In force in order further to optimize circuit structure, the first voltage pre-regulator circuit 3, the second voltage pre-regulator circuit 4, the first controlled resonant converter circuit 1 and the second controlled resonant converter circuit 2 drive circuit by separately respectively are coupled to control circuit 5, as shown in Figure 2, promptly switching tube S1 and switching tube S2 are coupled to control circuit 5 by drive circuit 3; Switching tube S3 and switching tube S4 are coupled to control circuit 5 by drive circuit 4; Switching tube S11 is coupled to control circuit 5 by drive circuit 1; Switching tube S12 is coupled to control circuit 5 by drive circuit 2.

In practical work process, the output voltage of the output voltage of the first voltage pre-regulator circuit 3 (BOOST type) and the second voltage pre-regulator circuit 4 (BOOST type), the first controlled resonant converter circuit 1 (semi-bridge type) and the second controlled resonant converter circuit 2 (semi-bridge type) and the output current of the first controlled resonant converter circuit 1 and the second controlled resonant converter circuit 2 are as the input signal of control circuit 5.The first voltage pre-regulator circuit 3 and the second voltage pre-regulator circuit, 4 output positive bus-bars do not have coupling, has independent voltage loop, the output current of the first controlled resonant converter circuit 1 and the second controlled resonant converter circuit 2 is as the Voltage loop feedback signal of the first voltage pre-regulator circuit 3 and the second voltage pre-regulator circuit 4, regulate the first voltage pre-regulator circuit 3 and the second voltage pre-regulator circuit, 4 output voltages respectively, make the first controlled resonant converter circuit 1 identical, thereby make the first controlled resonant converter circuit 1 identical with the output current of the second controlled resonant converter circuit 2 with the output voltage of the second controlled resonant converter circuit 2.As shown in Figure 2, the input signal of control circuit comprises the output current separately of output voltage, two controlled resonant converters and the output voltage of two voltage pre-regulator circuit.When the humorous parameter of two controlled resonant converters not simultaneously, its voltage gain difference, be embodied in the output current difference of two controlled resonant converters, be input to control circuit with detected two-way controlled resonant converter current signal this moment, the two-way current signal is averaged, every road current signal and two-way current average are done computing afterwards as the feedback signal of the voltage pre-regulator circuit voltage loop that is connected with every road controlled resonant converter, and voltage pre-regulator circuit voltage makes the output current of every road controlled resonant converter identical thereby control circuit is regulated every road.
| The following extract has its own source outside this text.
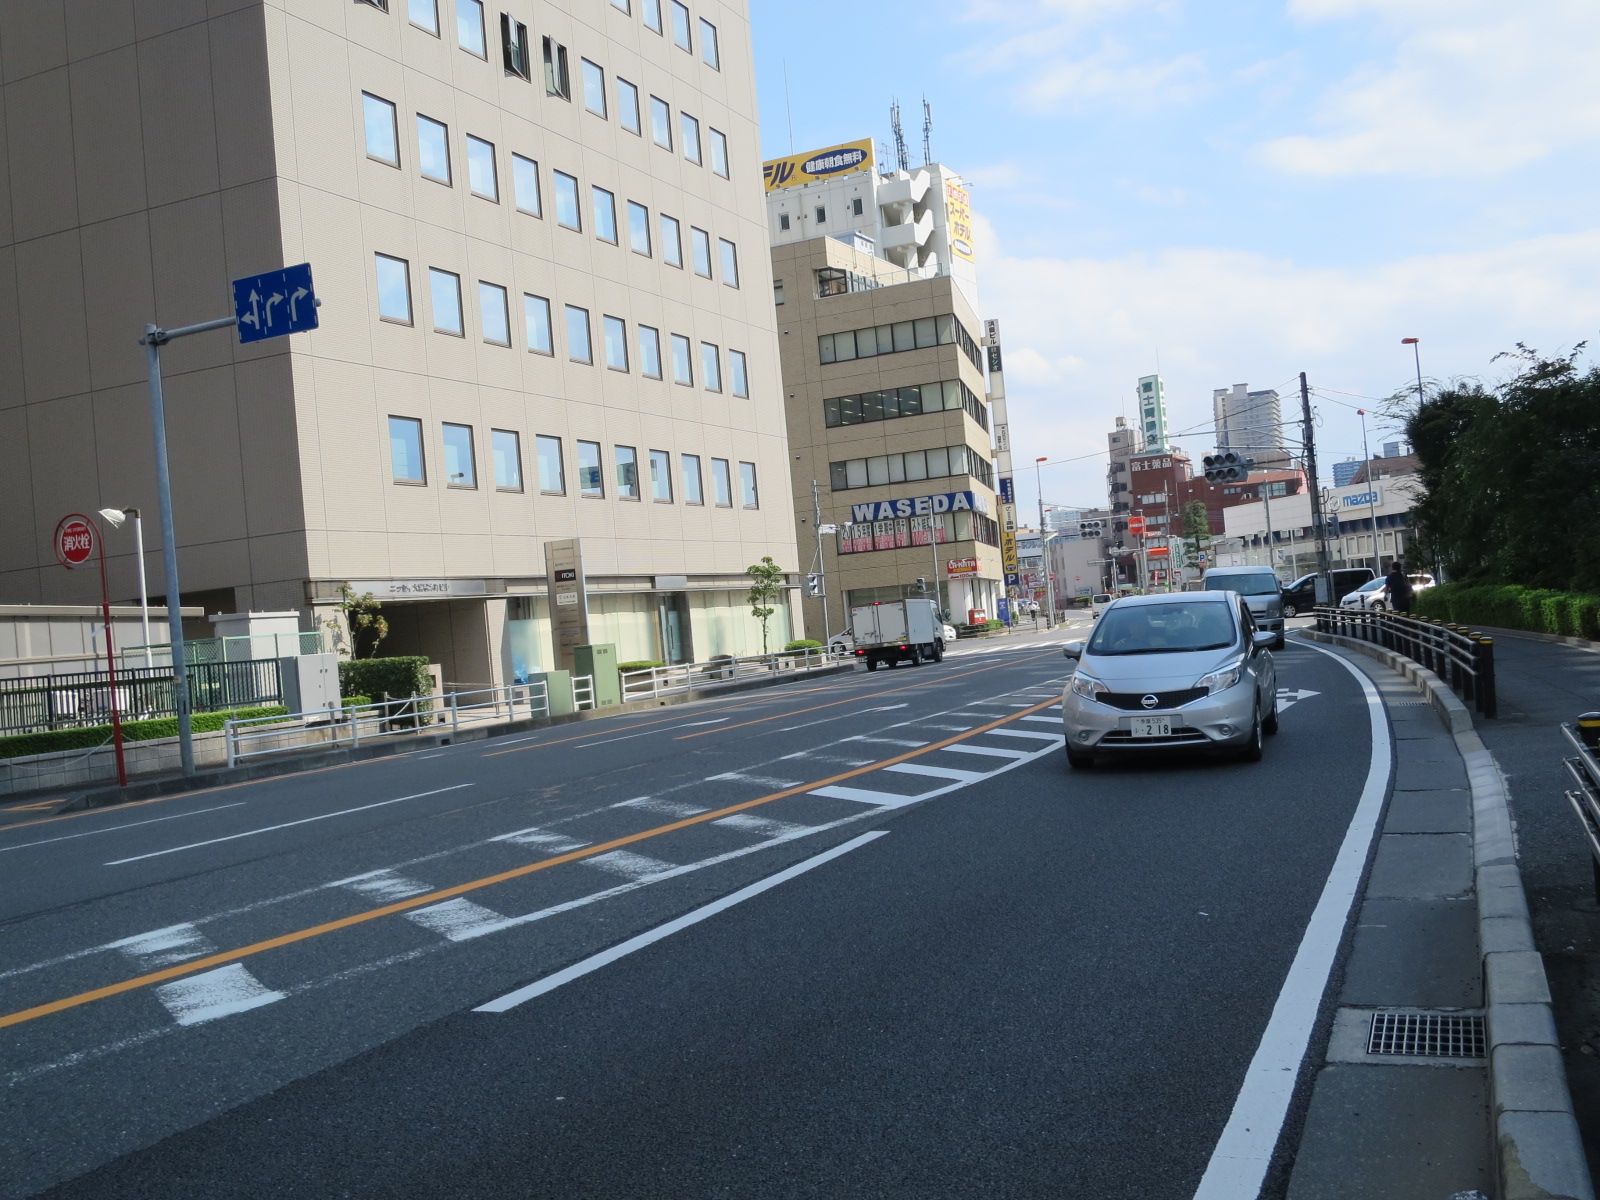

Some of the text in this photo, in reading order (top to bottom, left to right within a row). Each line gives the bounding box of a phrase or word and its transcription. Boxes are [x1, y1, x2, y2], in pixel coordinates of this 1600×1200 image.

Among two other embodiment shown in Fig. 7 and 12, this DC-DC converter comprises first controlled resonant converter circuit 1 and the second controlled resonant converter circuit 2 of crisscross parallel between positive and negative inlet highway and positive negative output bus; In order to regulate the output current of the first controlled resonant converter circuit 1 and the second controlled resonant converter circuit 2, the first controlled resonant converter circuit 1 and and positive and negative inlet highway between be provided with the first voltage pre-regulator circuit 3; Between the second controlled resonant converter circuit 2 and positive and negative inlet highway, be provided with the second voltage pre-regulator circuit 4; For embodiment shown in Figure 7, shown in Figure 10 and 11, its first voltage pre-regulator circuit 3 and the second voltage pre-regulator circuit 4 are with misphase 180 degree work frequently; Shown in Fig. 8 and 9, its first controlled resonant converter circuit 1 and the second controlled resonant converter circuit 2 are with misphase 90 degree work frequently.In force, the first controlled resonant converter circuit 1 and the second controlled resonant converter circuit 2 are half-bridge structures.

As shown in Figure 7, the first controlled resonant converter circuit 1 comprises first resonant circuit 11, transformer T1 and first rectification circuit in sequential series; First rectification circuit can be bridge rectifier or synchronous rectification; First resonant circuit 11 comprises switching tube S1, S2, capacitor C r1, Cr2, diode Dc1, Dc2 and transformer Lr1; Wherein, the end that first end of switching tube S1 is connected with the output of the first voltage pre-regulator circuit 3, second end of switching tube S1 and first end of switching tube S2 are connected and are connected to the former limit of transformer T1 winding, second end of switching tube S2 is connected to the input negative busbar; The end that the end of capacitor C r1 is connected with the output of the first voltage pre-regulator circuit 3, the other end of capacitor C r1 is connected and is connected to the former limit winding of transformer Lr1 with the end of capacitor C r2, the other end of capacitor C r2 is connected to the input negative busbar, and the other end of the former limit winding of transformer Lr1 is connected to the other end of the former limit of transformer T1 winding; The negative electrode of diode Dc1 is connected with the output of the first voltage pre-regulator circuit 3, the anode of diode Dc1 is connected with diode Dc2 negative electrode, and be connected with the end of the same name of the secondary winding of transformer Lr1, the anode of diode Dc2 is connected to the input negative busbar; The different name end of the secondary winding of transformer Lr1 is connected to the other end of transformer T1; The control end of switching tube S1 and switching tube S2 is coupled to described control circuit.The secondary winding of this transformer T1 has 3 taps in addition, i.e. first tap, second tap and centre cap; First rectification circuit comprises diode D1 and D2, the anode of diode D1 is connected with first tap of the secondary winding of transformer T1, the anode of diode D2 is connected with second tap of the secondary winding of transformer T1, the negative electrode of diode D1 and diode D2 all is coupled to the output positive bus-bar, and the centre cap of the secondary winding of transformer T1 is coupled to the output negative busbar.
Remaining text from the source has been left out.